En nuestro tiempo, muchos hombres tienen un sentido muy agudo del aprovechamiento del tiempo. Procuran multiplicar su actividad, desarrollando mucho trabajo, y llegando también a actividades complementarias: cultivo de la música, gimnasia, práctica de algún deporte, desarrollo de aficiones manuales o artísticas, conocimientos de arte, etc. Son los que podríamos llamar “activistas“. En el otro extremo, están los hombres que realizan rutinariamente su actividad; que les parece que la vida ya no les va a dar más o que les costaría demasiado esfuerzo conseguirlo. Procuran trabajar lo menos posible y eludir todo lo molesto o lo que produce cansancio. Aman su tiempo libre, aunque no saben cómo emplearlo, y se aburren. Están acostumbrados a huir de la realidad, aunque la critican muchas veces sin compasión y, casi siempre, sin ninguna intención de mejorarla.

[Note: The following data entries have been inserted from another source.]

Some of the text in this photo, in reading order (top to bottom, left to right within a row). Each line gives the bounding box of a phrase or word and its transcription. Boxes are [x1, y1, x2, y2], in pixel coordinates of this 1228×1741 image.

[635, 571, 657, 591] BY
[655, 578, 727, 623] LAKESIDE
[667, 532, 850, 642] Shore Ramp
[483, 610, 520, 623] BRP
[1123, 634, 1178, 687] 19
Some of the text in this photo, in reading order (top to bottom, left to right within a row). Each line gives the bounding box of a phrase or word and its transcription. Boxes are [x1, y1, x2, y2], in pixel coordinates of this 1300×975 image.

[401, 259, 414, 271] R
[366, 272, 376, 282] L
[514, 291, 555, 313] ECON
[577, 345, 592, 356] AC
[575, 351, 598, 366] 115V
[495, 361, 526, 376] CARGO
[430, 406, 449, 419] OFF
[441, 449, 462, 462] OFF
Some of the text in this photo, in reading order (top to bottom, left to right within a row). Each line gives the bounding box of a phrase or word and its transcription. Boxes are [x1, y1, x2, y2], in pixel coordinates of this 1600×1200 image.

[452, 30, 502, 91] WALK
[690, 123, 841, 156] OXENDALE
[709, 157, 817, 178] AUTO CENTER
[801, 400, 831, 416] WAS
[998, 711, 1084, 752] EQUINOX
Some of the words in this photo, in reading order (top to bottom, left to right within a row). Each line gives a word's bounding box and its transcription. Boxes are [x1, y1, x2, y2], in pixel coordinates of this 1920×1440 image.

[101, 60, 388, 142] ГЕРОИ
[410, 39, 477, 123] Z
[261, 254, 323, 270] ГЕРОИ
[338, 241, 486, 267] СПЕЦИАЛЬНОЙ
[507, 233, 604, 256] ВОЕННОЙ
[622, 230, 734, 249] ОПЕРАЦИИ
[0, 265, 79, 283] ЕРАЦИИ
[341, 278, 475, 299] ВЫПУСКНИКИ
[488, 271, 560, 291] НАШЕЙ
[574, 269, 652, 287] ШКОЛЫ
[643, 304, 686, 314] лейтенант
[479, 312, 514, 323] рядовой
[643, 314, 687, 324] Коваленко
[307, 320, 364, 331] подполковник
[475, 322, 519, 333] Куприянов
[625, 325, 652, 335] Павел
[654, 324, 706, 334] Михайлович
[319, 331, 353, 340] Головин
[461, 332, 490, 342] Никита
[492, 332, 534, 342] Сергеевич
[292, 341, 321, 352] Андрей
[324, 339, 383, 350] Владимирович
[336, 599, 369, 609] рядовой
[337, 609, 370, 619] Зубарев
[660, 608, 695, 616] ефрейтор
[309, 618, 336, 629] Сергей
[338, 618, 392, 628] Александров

A unos, les falta tiempo para su actividad desbordante, y otros no saben cómo llenarlo. Entre ambos extremos, discurre la vida y la actividad de la mayoría de los hombres. Y a todos, hay que recordar una realidad obvia, pero que no se suele tener presente: “No es otra cosa el tiempo de esta vida (comenta San Agustín) sino una carrera hacia la muerte” (De Civ. Dei, 13). A la luz de esta verdad, bien meditada, se puede plantear con todo su rigor existencial, la pregunta por el sentido de la vida: para unos, por el sentido de esa actividad frenética, llamada a acabarse; para otros, por el sentido de ese derroche de matar el tiempo, cuando hay tanto que hacer por los demás.

“Enséñanos Señor a contar nuestros días, para que adquiramos un corazón sabio” (Sal. 90,12). ¡Que sintamos la urgencia de aprovechar la vida! Pero no para dar satisfacción a nuestra ambición o porque nos dejemos llevar por la fiebre de la actividad, sino para amar a Dios y servir a los demás.

Así llegamos a la idea de que la mayor parte del tiempo y de las energías de una persona madura se consumen en su trabajo profesional. El trabajo es el lugar donde obtenemos nuestro sustento; nuestro modo ordinario de contribuir a la sociedad en que vivimos y es el servicio principal que realizamos a los demás hombres. En el trabajo se despliega nuestra personalidad y madura. Nos obliga al desarrollo de las virtudes, pues: vencemos la pereza; nos acostumbramos a concentrar nuestra atención; nos obligamos a obedecer a otros, desarrollamos nuestras habilidades; nos formamos profesional y humanamente, etc. El trabajo es, además, un gran nudo de relaciones sociales. Mediante él, nos integramos en la sociedad y ordinariamente, es la ocasión de formar nuestras amistades.

Y para ti y para mi que procuramos vivir todo esto por amor de Dios, y convertir nuestro trabajo en un encuentro con El, copio estas palabras: “Me has preguntado qué puedes ofrecer al Señor. No necesito pensar mi respuesta: lo mismo de siempre, pero mejor acabado, con un remate de amor, que te lleve a pensar más en El y menos en ti” (san Josemaría en Surco 495).